Problem to solve: Restate the data word for word. Leave the pictures out.

===== Provided material

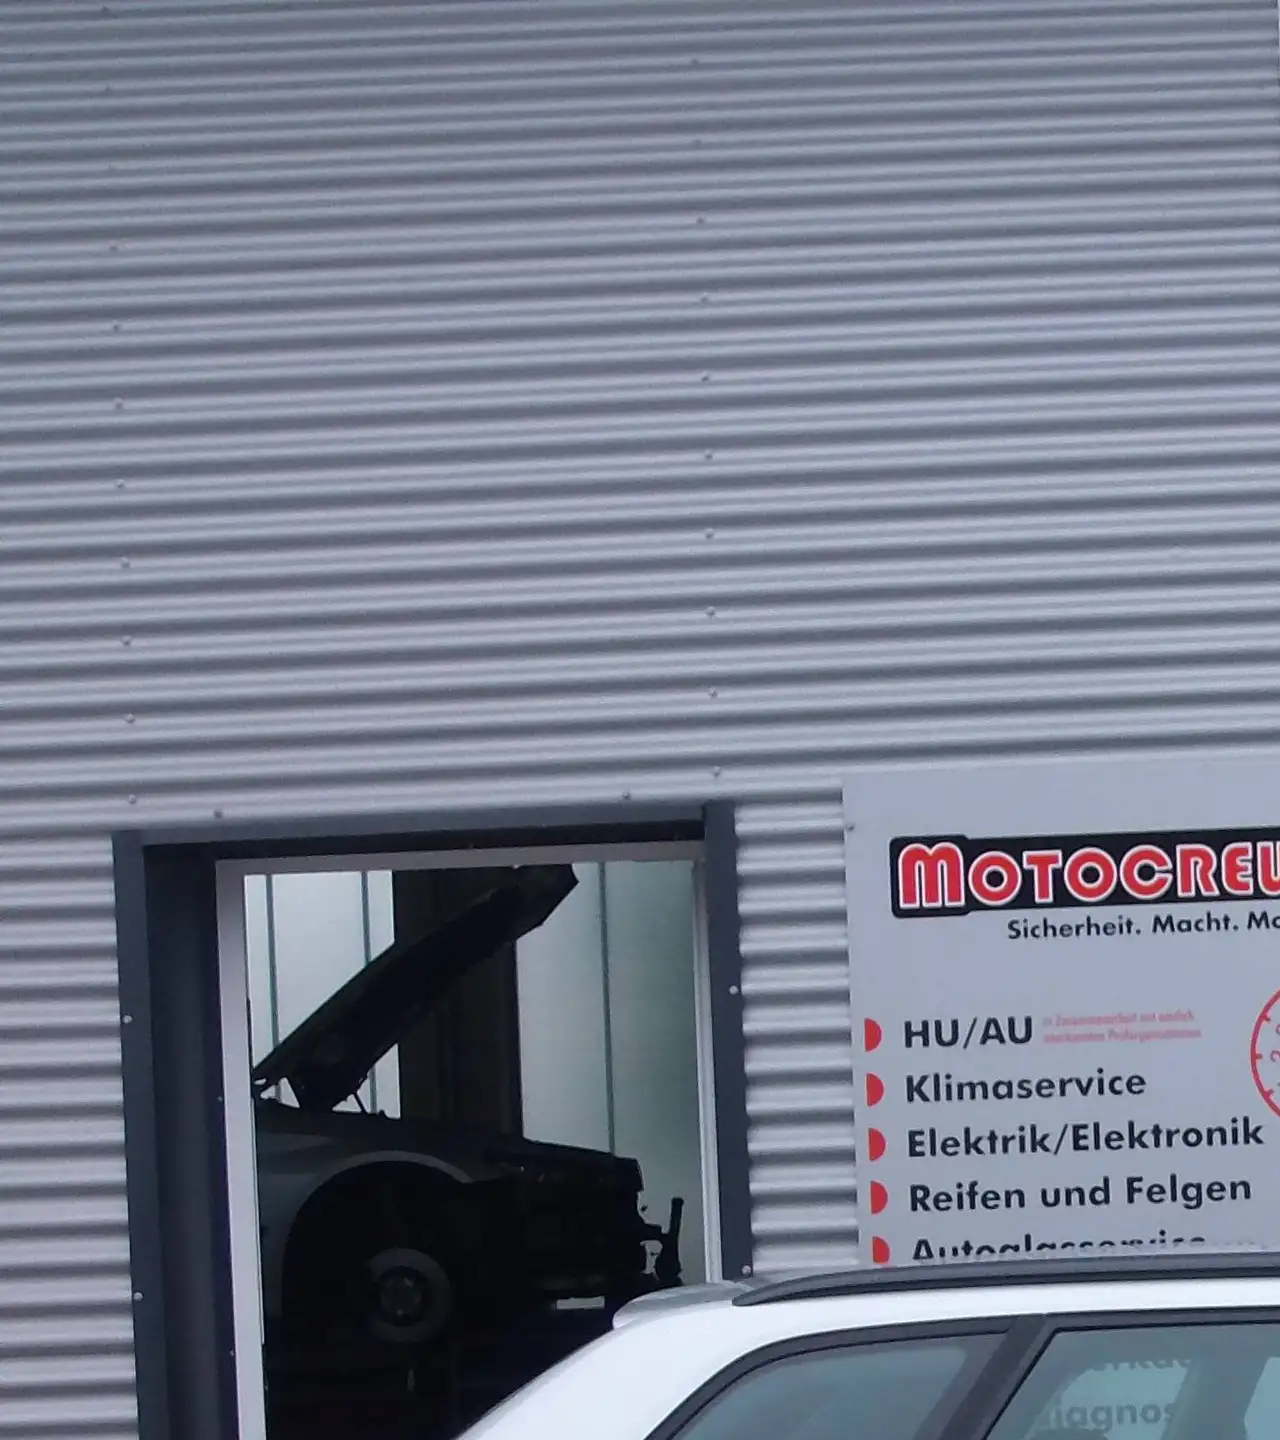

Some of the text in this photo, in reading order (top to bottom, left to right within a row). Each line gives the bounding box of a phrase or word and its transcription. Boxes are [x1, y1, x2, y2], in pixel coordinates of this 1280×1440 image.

[1007, 914, 1142, 940] Sicherheit.
[1152, 910, 1239, 935] Macht.
[903, 1015, 1033, 1050] HU/AU
[906, 1067, 1147, 1103] Klimaservice
[907, 1115, 1264, 1158] Elektrik/Elektronik
[909, 1171, 1252, 1213] Reifen und Felgen
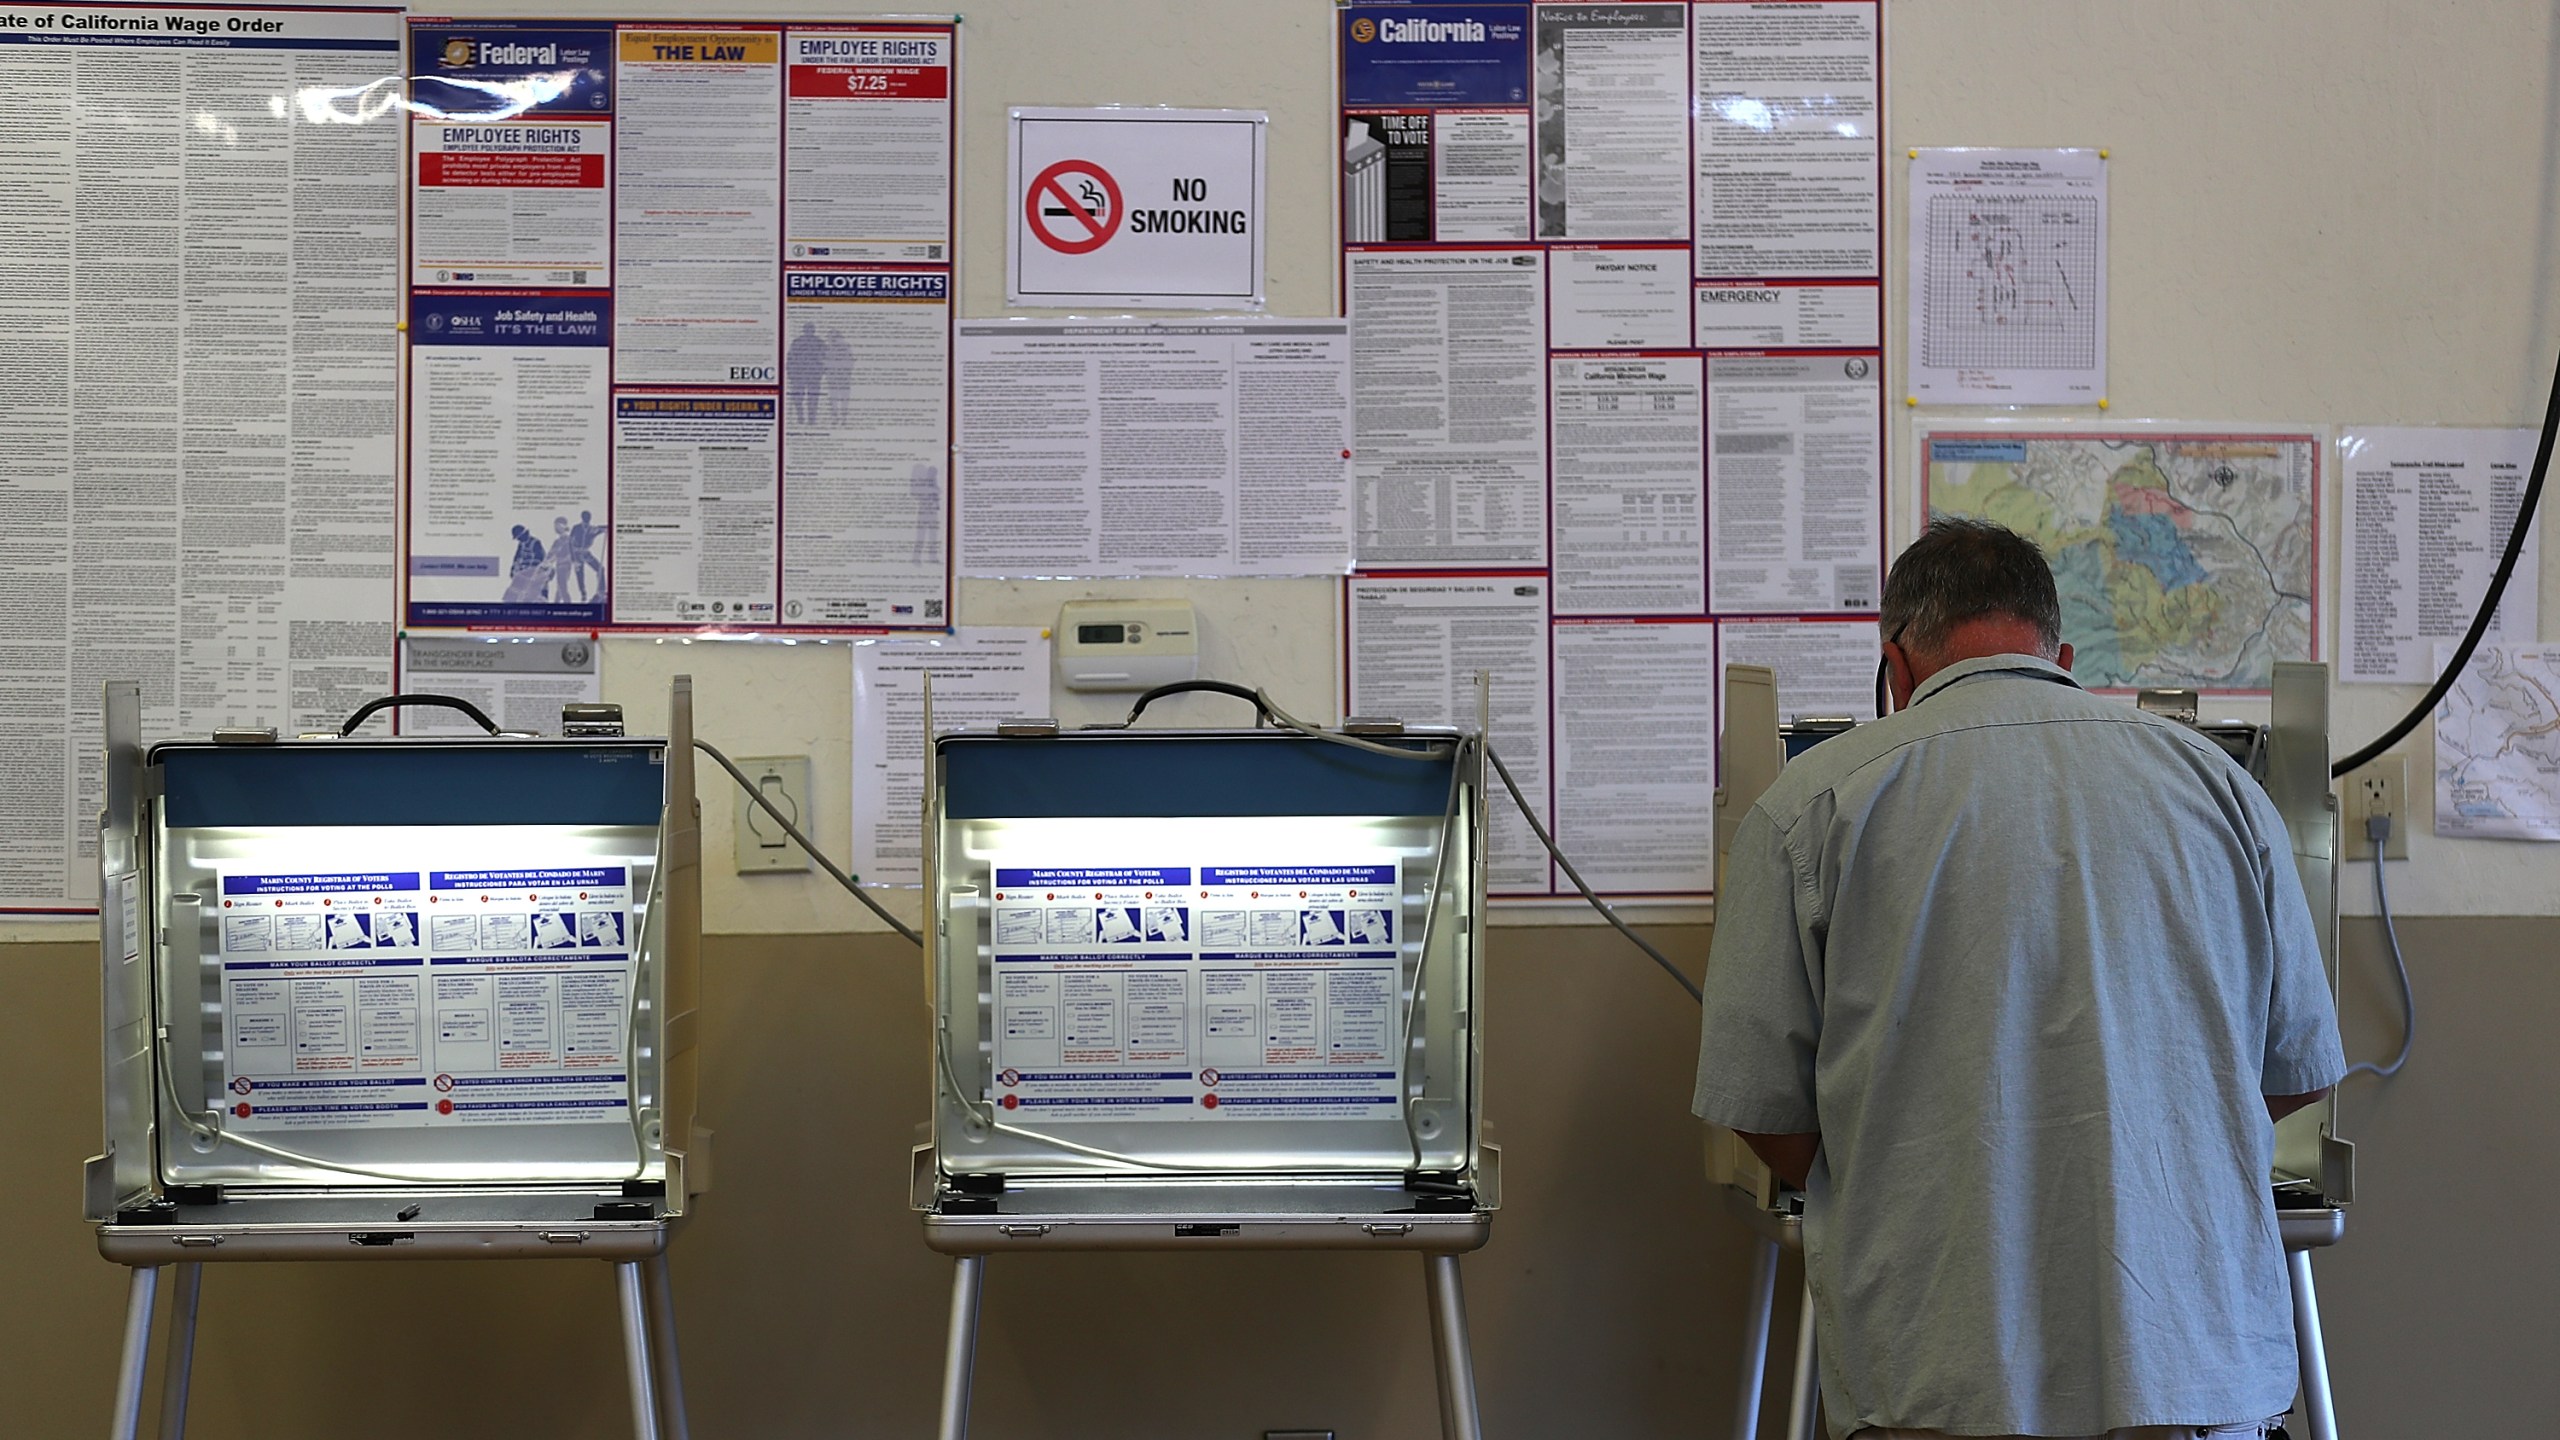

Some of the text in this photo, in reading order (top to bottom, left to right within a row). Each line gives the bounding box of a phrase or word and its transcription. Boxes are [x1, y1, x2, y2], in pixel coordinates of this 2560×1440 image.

==========

Answer to the exercise:
Some of the text in this photo, in reading order (top to bottom, left to right within a row). Each line gives the bounding box of a phrase or word and its transcription. Boxes are [x1, y1, x2, y2], in pixel coordinates of this 1280×1440 image.

[1007, 914, 1142, 940] Sicherheit.
[1152, 910, 1239, 935] Macht.
[903, 1015, 1033, 1050] HU/AU
[906, 1067, 1147, 1103] Klimaservice
[907, 1115, 1264, 1158] Elektrik/Elektronik
[909, 1171, 1252, 1213] Reifen und Felgen

Some of the text in this photo, in reading order (top to bottom, left to right within a row). Each line gives the bounding box of a phrase or word and its transcription. Boxes are [x1, y1, x2, y2], in pixel coordinates of this 2560×1440 image.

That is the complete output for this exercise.